John s'assoie sur mon lit, le bas de son dos contre ma cuisse. Il est la définition de chaleureux a lui tout seul, un bout de vocabulaire ambulant. Soupir. Je joue l'ennuyé, vaguement irrité. John dépose la tasse sur ma table de chevet, puis approche ses mains vers mon visage.

« Comment vas-tu ce matin? » Toujours le médecin, mon John. Et il l'est, mon John. Peu importe ce qui arrive. De légers contacts sur mes pommettes, testant le bandage sur mon nez, ses doigts retraçant légèrement ma lèvre fendue.

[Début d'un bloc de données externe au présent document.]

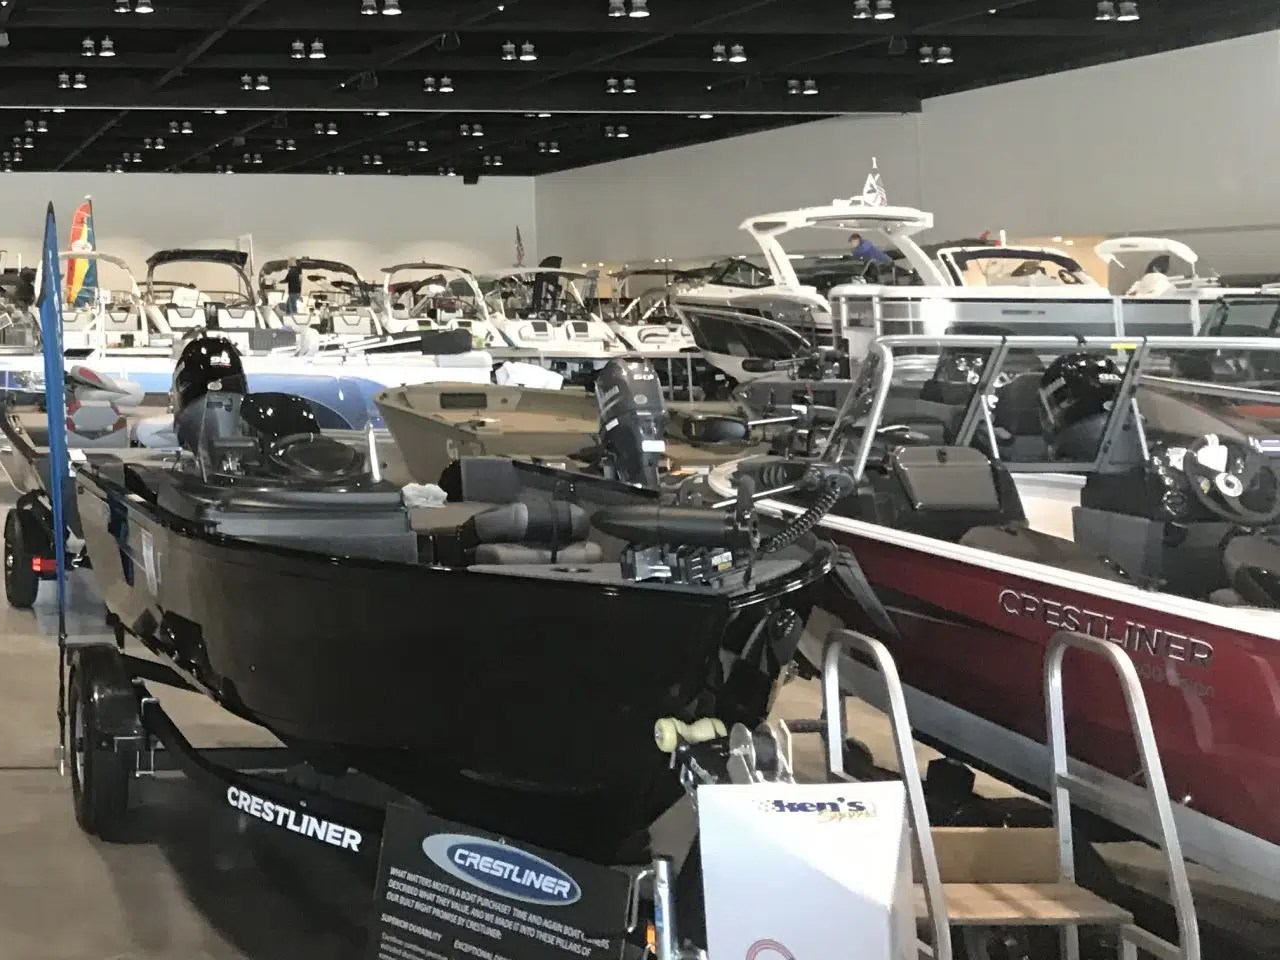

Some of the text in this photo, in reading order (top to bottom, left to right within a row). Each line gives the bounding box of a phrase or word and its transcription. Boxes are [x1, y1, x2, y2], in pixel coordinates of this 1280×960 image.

[998, 588, 1215, 667] CRESTLINER
[226, 785, 363, 853] CRESTLINER
[453, 847, 572, 900] CRESTLINER

« Bien. Ça va, n'en fait pas tout un plat. » Grande inspiration; toux accidentelle (vraiment?); grimace de douleur. Les mains de John sur ma poitrine, seulement le mince tissu d'un t-shirt entre nous. Mes yeux se referment.

« Merde, » dit John à mi-voix. « Tu n'as pas parlé d'une côte fêlée, Sherlock. » Une note de reproche dans sa voix. Ses mains soulèvent le t-shirt. La douleur de la côte n'est rien comparée au plaisir des mains de John posées sur moi. Comme des anneaux de fumée. Comme un amour imaginaire. « Je vais te donner quelque chose pour la douleur, » dit John.

« Mmm. » Ça ne sert à rien de discuter. Un opiacé soulagerait toutes les blessures, physiques et émotionnelles. Mais John me donnera probablement seulement que du paracétamol. Salaud.

« Je sais que tu veux retourner sur la scène de crime. » dit John, et soupire. Il bouge un peu sur le lit, ses mains toujours pressées contre moi, ses mains chaudes. Ses doigts, ils appuient sur des gâchettes et tuent, ils sont si doux sur moi. « Je dois faire un bandage d'abord. »

Ah, mon John. Mon blogueur, mon aide. Fais-moi un bandage et sors-moi d'ici. Je t'aime. Je t'aime. Je t'aime.

Je grogne, marmonne, « Bon, » détourne la tête. « Donne-moi mon thé. » Pas une question, une demande. Un reclus, finalement, essayant finalement de parler. Cœur battant à l'envers. Tasse chaude dans mes mains, doigts chauds sur les miens. « Merci. » Atypique : ça le déroutera. Il s'arrête, j'ouvre les yeux et le regarde. Il sourit. Il a l'air inquiet. Je dois avoir l'air plus mal que je ne me sens.

« Pas de problème, » dit-il. Sa voix est douce, comme ses doigts, son toucher.

Je mettrai mes bottes avant d'aller sur la rive pour montrer à Lestrade et ses sous-fifres exactement qui ils devront arrêter. Ce ne sera pas difficile. Je marcherai prudemment par égard pour John et John tiendra mon bras, inquiet. Nous dînerons, et je mangerai, à l'insistance de John. Peut-être de la soupe. Et lorsque nous reviendrons à la maison je jouerai du Tchaïkovski pour John, malgré son évidente vulgarité et les protestations de John à propos de mes entorses, ma côte fêlée et mes blessures. Il gardera les yeux ouverts pour me regarder. Et il aimera ce que je joue pour lui. Et ce sera suffisant.